Keys are never stored on the server. All generation runs in your browser.

Algorithm

Key Size

Passphrase (optional)

Encrypts the private key. Leave empty to generate an unencrypted key.

1. How to Use

  1. Select a curve: P-256 (fast, 128-bit security), P-384 (192-bit), or P-521 (256-bit).
  2. Click 'Generate' to create an ECDSA key pair.
  3. Optionally add a passphrase to encrypt the private key.
  4. Copy the public key (ecdsa-sha2-nistp256...) and add it to authorized_keys or your service.
  5. Use the private key with ssh -i or your SSH config.

2. How It Works

ECDSA uses elliptic curves over finite fields. For P-256 (secp256r1): curve equation y² = x³ - 3x + b over F_p with 256-bit prime p. The curve has order n (a large prime); the base point G has order n.
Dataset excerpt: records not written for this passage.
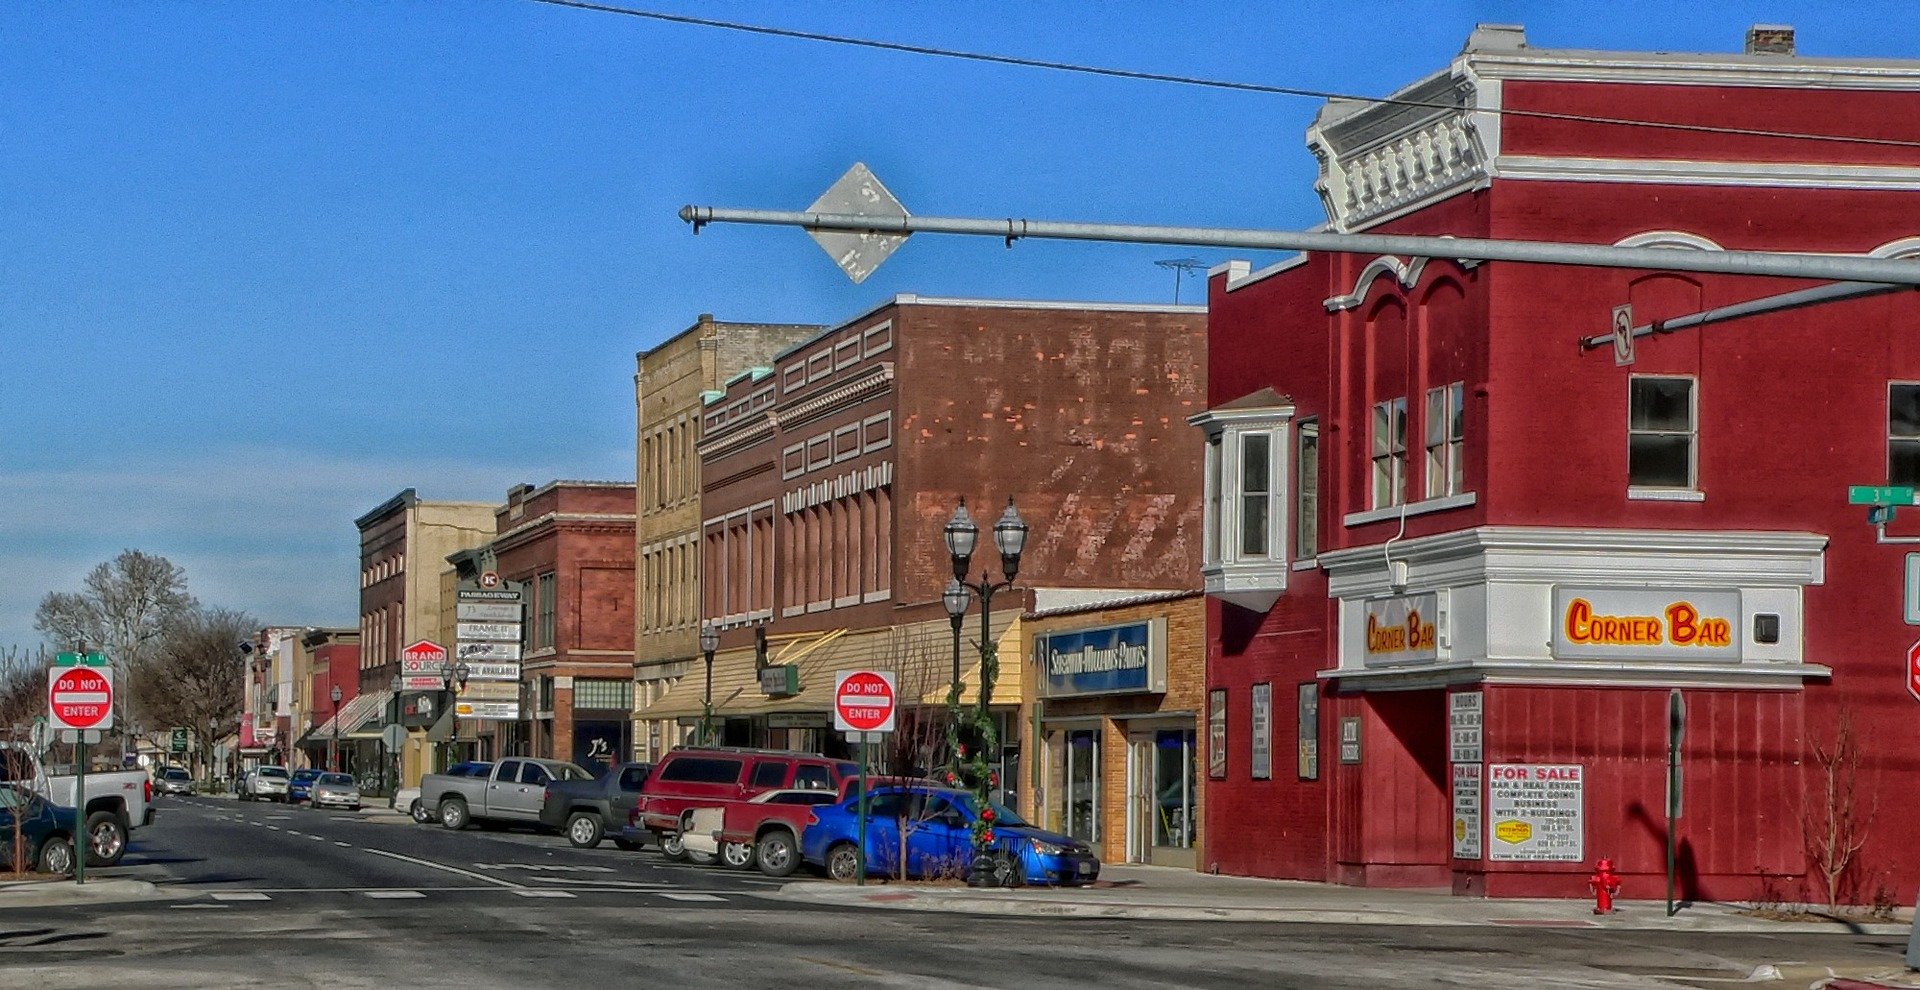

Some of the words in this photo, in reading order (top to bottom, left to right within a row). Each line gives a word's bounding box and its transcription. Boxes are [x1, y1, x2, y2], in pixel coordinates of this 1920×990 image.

[405, 651, 444, 660] BRAND
[404, 661, 444, 671] SOURC
[59, 679, 75, 690] DO
[80, 680, 103, 690] NOT
[846, 682, 861, 693] DO
[864, 683, 884, 693] NOT
[63, 706, 99, 717] ENTER
[849, 708, 880, 719] ENTER
[1494, 767, 1528, 780] FOR
[1535, 768, 1580, 780] SALE
[1491, 781, 1510, 789] BAR
[1548, 782, 1581, 790] ESTATE
[1497, 790, 1544, 799] COMPLETE
[1546, 791, 1576, 799] GOING
[1514, 800, 1558, 808] BUSINESS
[1496, 809, 1518, 817] WITH
[1520, 809, 1578, 818] 2-BUILDINGS
Private key: random integer d in [1, n-1]. Public key: Q = d × G (elliptic curve scalar multiplication).

Signing: Pick random k in [1, n-1]. Compute (x₁, y₁) = k × G. Let r = x₁ mod n; s = k⁻¹(H(m) + d·r) mod n. Signature = (r, s). If r or s is 0, repeat with new k.
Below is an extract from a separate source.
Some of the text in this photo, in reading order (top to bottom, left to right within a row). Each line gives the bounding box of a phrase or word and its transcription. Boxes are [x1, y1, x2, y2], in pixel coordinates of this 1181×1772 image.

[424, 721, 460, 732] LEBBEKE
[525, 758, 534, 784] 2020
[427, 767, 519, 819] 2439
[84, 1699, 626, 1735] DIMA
Verification: w = s⁻¹ mod n; u₁ = H(m)·w mod n; u₂ = r·w mod n; (x₁, y₁) = u₁×G + u₂×Q. Accept if x₁ mod n = r.

3. About ECDSA

ECDSA provides security equivalent to RSA with much smaller keys. P-256 offers ~128-bit security with a 256-bit key, comparable to RSA-3072. Supported by OpenSSH and most modern servers and services.

This ECDSA SSH key generator creates keys for P-256, P-384, and P-521 (NIST curves). ECDSA offers a balance between Ed25519's efficiency and RSA's compatibility.

All key generation runs locally in your browser.

4. Advantages

  • Smaller keys: 256–521 bits vs 2048–4096 for RSA, with equivalent security.
  • Fast operations: Key generation and signing are faster than RSA.
  • Standard curves: NIST P-256, P-384, P-521 are widely supported.
  • Balance: Good compatibility with reasonable key sizes.

5. Real-World Use Cases

  • When Ed25519 is not supported: Some older systems support ECDSA but not Ed25519.
  • Regulatory: NIST curves may be required in certain environments.
  • Middle ground: Smaller keys than RSA, broader support than Ed25519 in some ecosystems.
  • TLS and PKI: ECDSA is used in certificates; SSH ECDSA keys follow similar standards.